There’s another reason why prices have grown so dramatically. Collectors are paying top dollar for hard to find rarities because it’s highly unlikely the original labels will go back into production to pump out new copies. The amounts these collectors are paying are staggering. A copy of Iron Maiden’s Fear of the Dark recently sold for $552. Rage Against the Machine’s self-titled debut sold for $550. Depeche Mode’s De’Pe’che Mode sold for $1,500. The cassette that is purported to have commanded the highest public sale price is The Artist (formerly known as Prince)’s The Versace Experience – Prelude 2 Gold. That went for the tidy sum of $4,117! It’s the same phenomenon as the 1966 Ferrari GTB “long nose” that sold at auction this year for $3.08 million and raised the price of all used Ferraris worldwide; a rising tide lifts all boats. This Prince cassette sale seems to have lifted the prices of all pre-recorded cassettes. Earlier this year I would rarely see any used tape priced under $5.99. Most were priced at $7.99 or higher. Only a few years ago most retailed around $1.99.

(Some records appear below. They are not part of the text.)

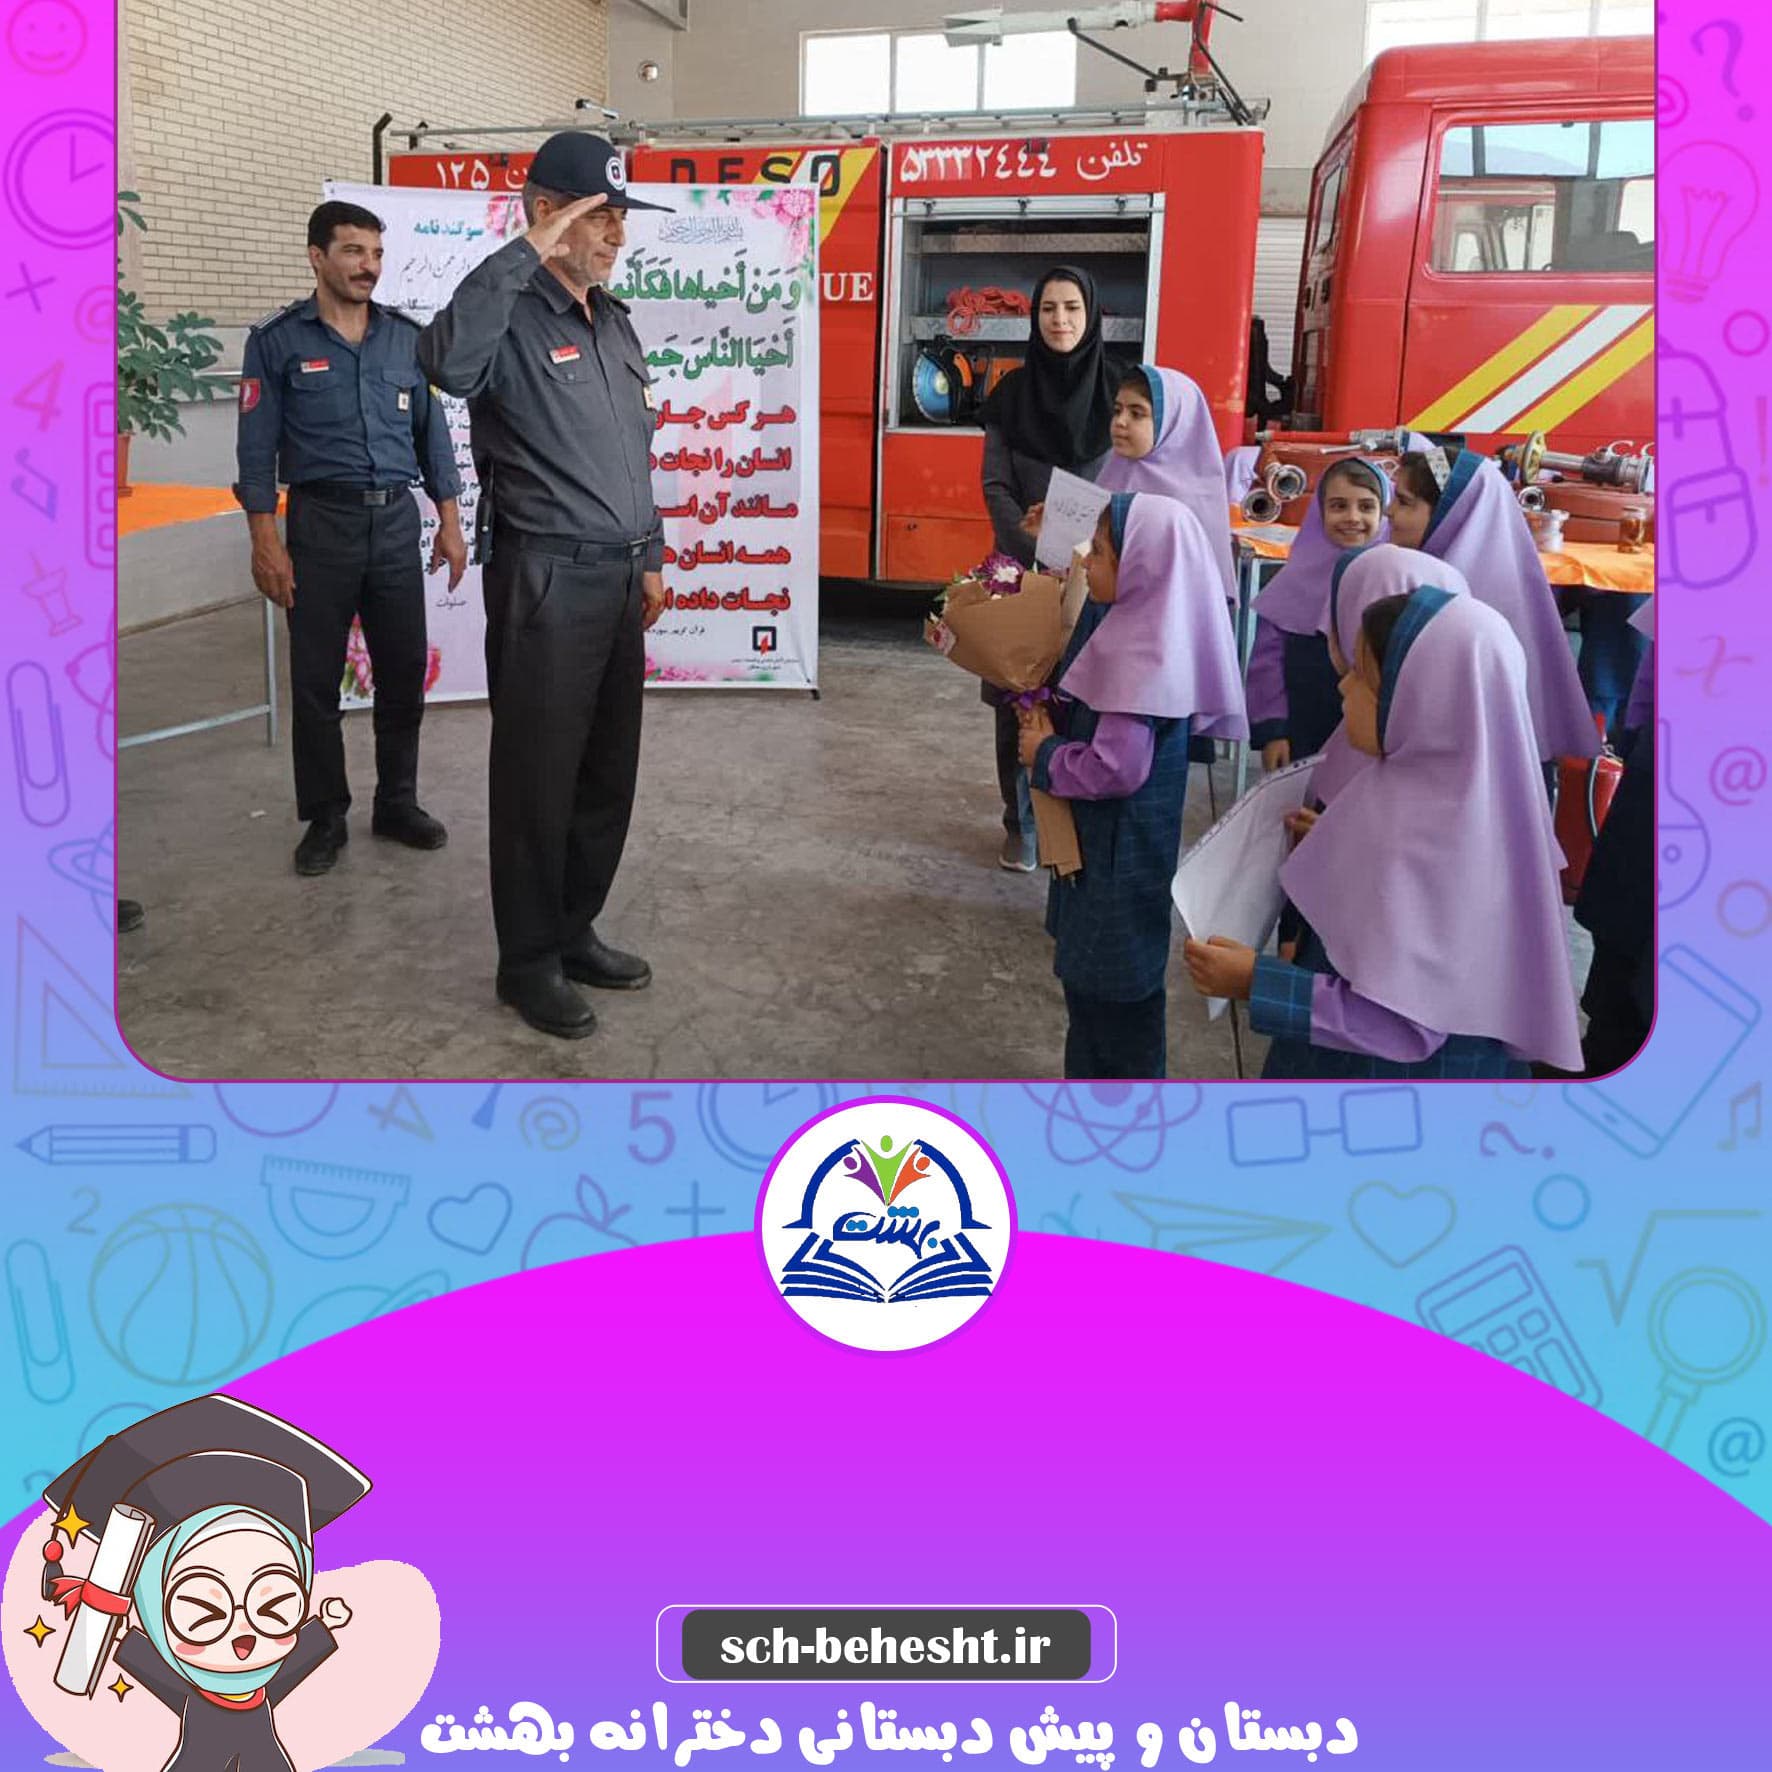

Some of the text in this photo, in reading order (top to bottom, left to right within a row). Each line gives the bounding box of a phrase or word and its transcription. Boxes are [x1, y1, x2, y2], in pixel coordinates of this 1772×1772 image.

[1077, 139, 1148, 181] تلفن
[820, 272, 874, 301] UE
[707, 400, 750, 431] کس
[752, 404, 797, 431] هر
[659, 447, 713, 477] نجات
[714, 446, 734, 478] را
[735, 446, 793, 477] انسان
[698, 491, 731, 525] آن
[730, 494, 799, 518] مانند
[678, 540, 735, 571] انسان
[735, 545, 792, 565] همه
[675, 586, 720, 610] داده
[721, 586, 792, 617] نجات

I don’t think this trend is going to change and as a minor collector in the segment I’m happy about that. I had never thought about putting a value on my cassette collection before. But with myself (along with many others, I’d imagine) it’s measured somewhere between what the market would pay and what those tapes meant to me in the moment they were first played. The delta between the two at times is fairly wide. I might just have to wait things out and see if my unopened copies of The Mavericks’ What A Crying Shame and Nirvana’s Nevermind reach a price that’s really worth the parting. For now, I’m hitting “pause.”